Produce a verbatim transcript of the entries below, excluding pictures.

■ ■ ■

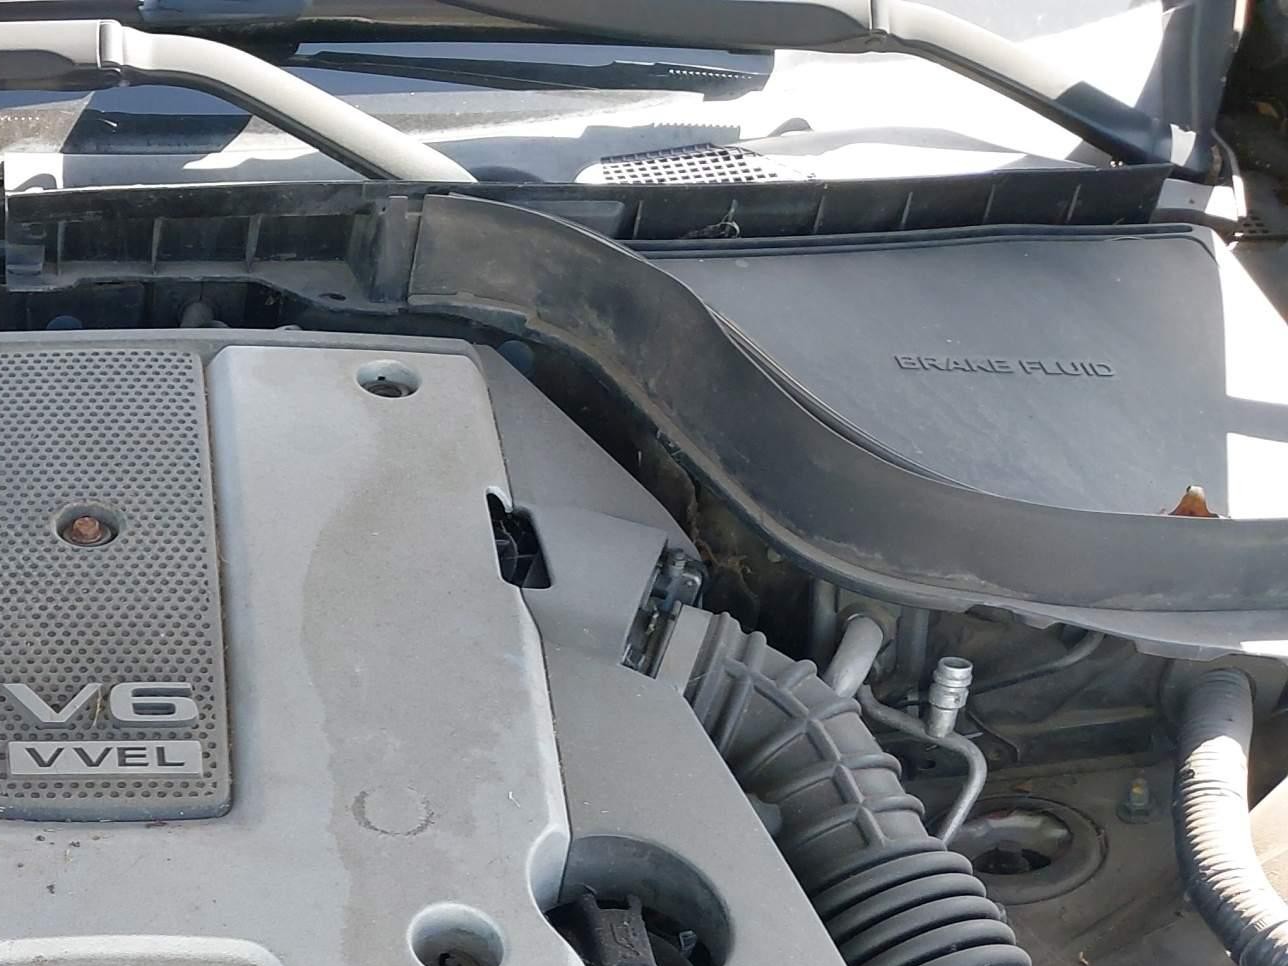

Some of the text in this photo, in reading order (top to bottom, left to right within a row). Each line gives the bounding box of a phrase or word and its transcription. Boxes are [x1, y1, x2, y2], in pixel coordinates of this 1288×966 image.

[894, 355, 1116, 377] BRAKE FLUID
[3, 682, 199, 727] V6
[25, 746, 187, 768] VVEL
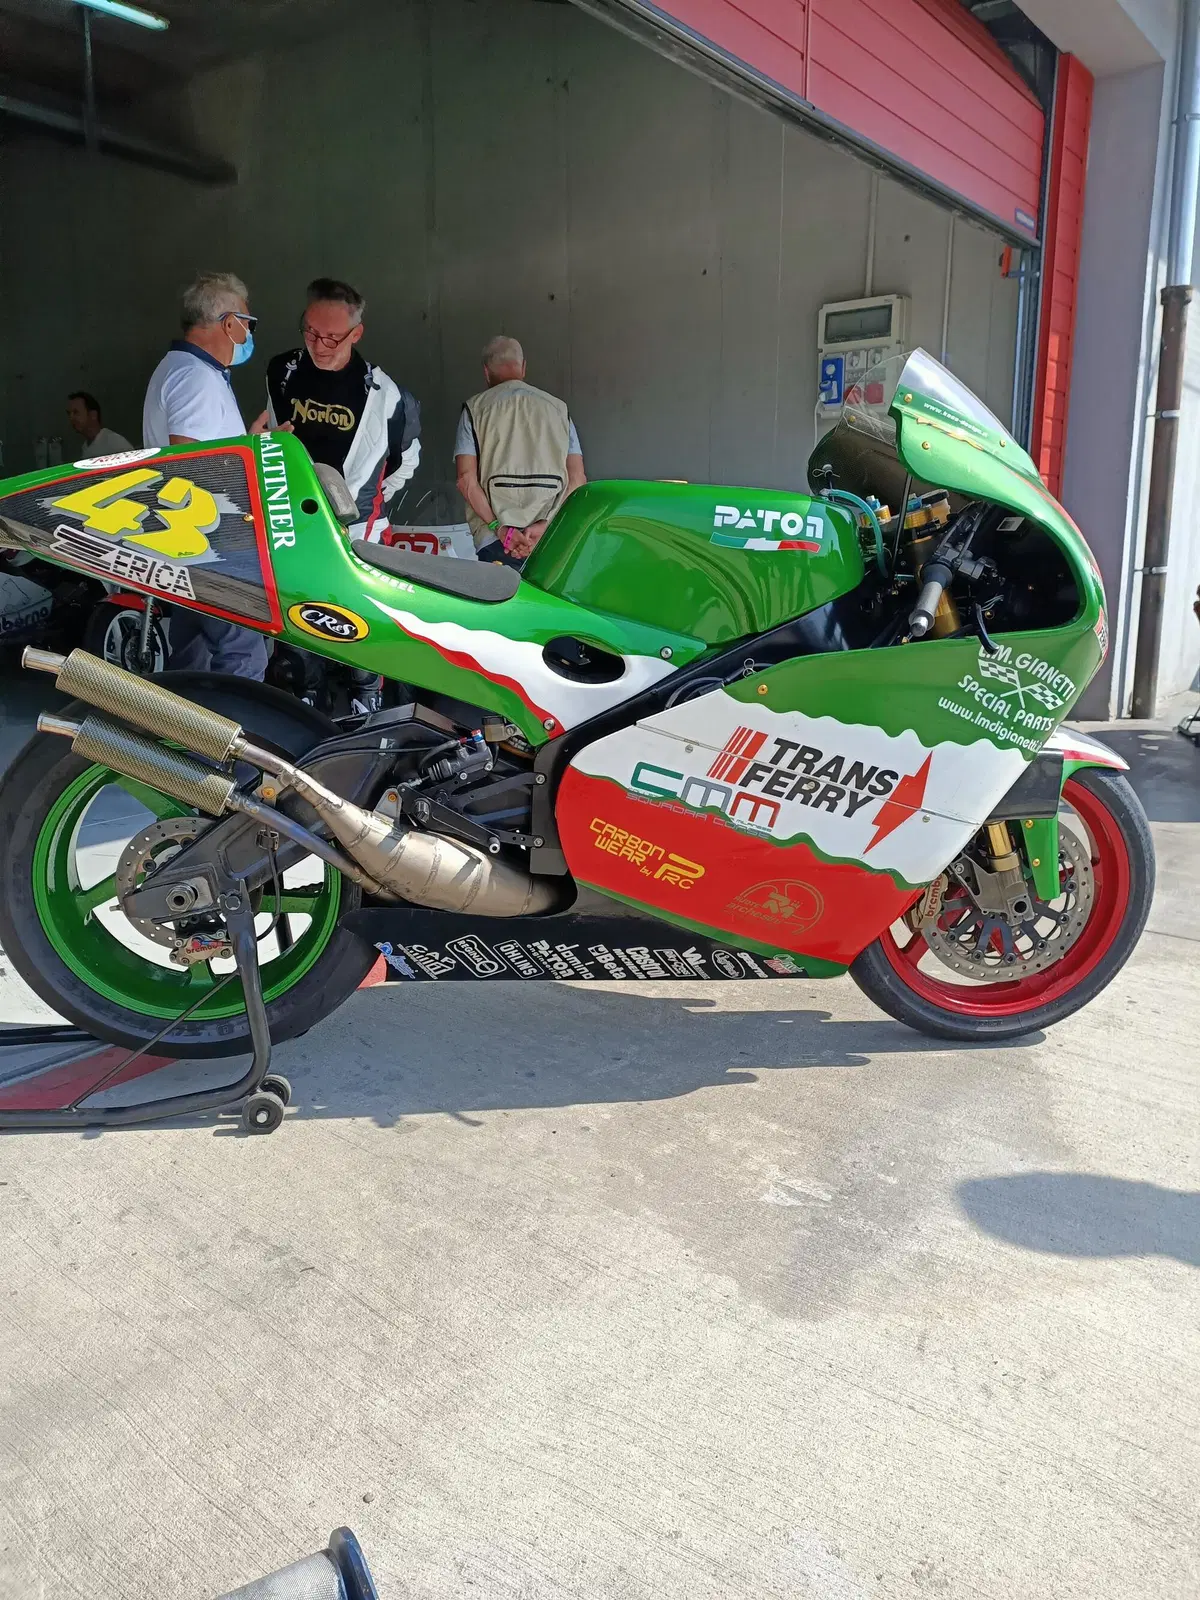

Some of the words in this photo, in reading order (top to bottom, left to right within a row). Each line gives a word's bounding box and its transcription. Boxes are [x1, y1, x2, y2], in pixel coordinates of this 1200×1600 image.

■ ■ ■

- [Task output]:
Some of the text in this photo, in reading order (top to bottom, left to right within a row). Each line gives the bounding box of a phrase or word and its transcription. Boxes are [x1, y1, x2, y2], in pixel coordinates of this 1288×966 image.

[894, 355, 1116, 377] BRAKE FLUID
[3, 682, 199, 727] V6
[25, 746, 187, 768] VVEL

Some of the words in this photo, in reading order (top to bottom, left to right within a row). Each line gives a word's bounding box and its transcription. Boxes are [x1, y1, x2, y2], in pixel coordinates of this 1200×1600 image.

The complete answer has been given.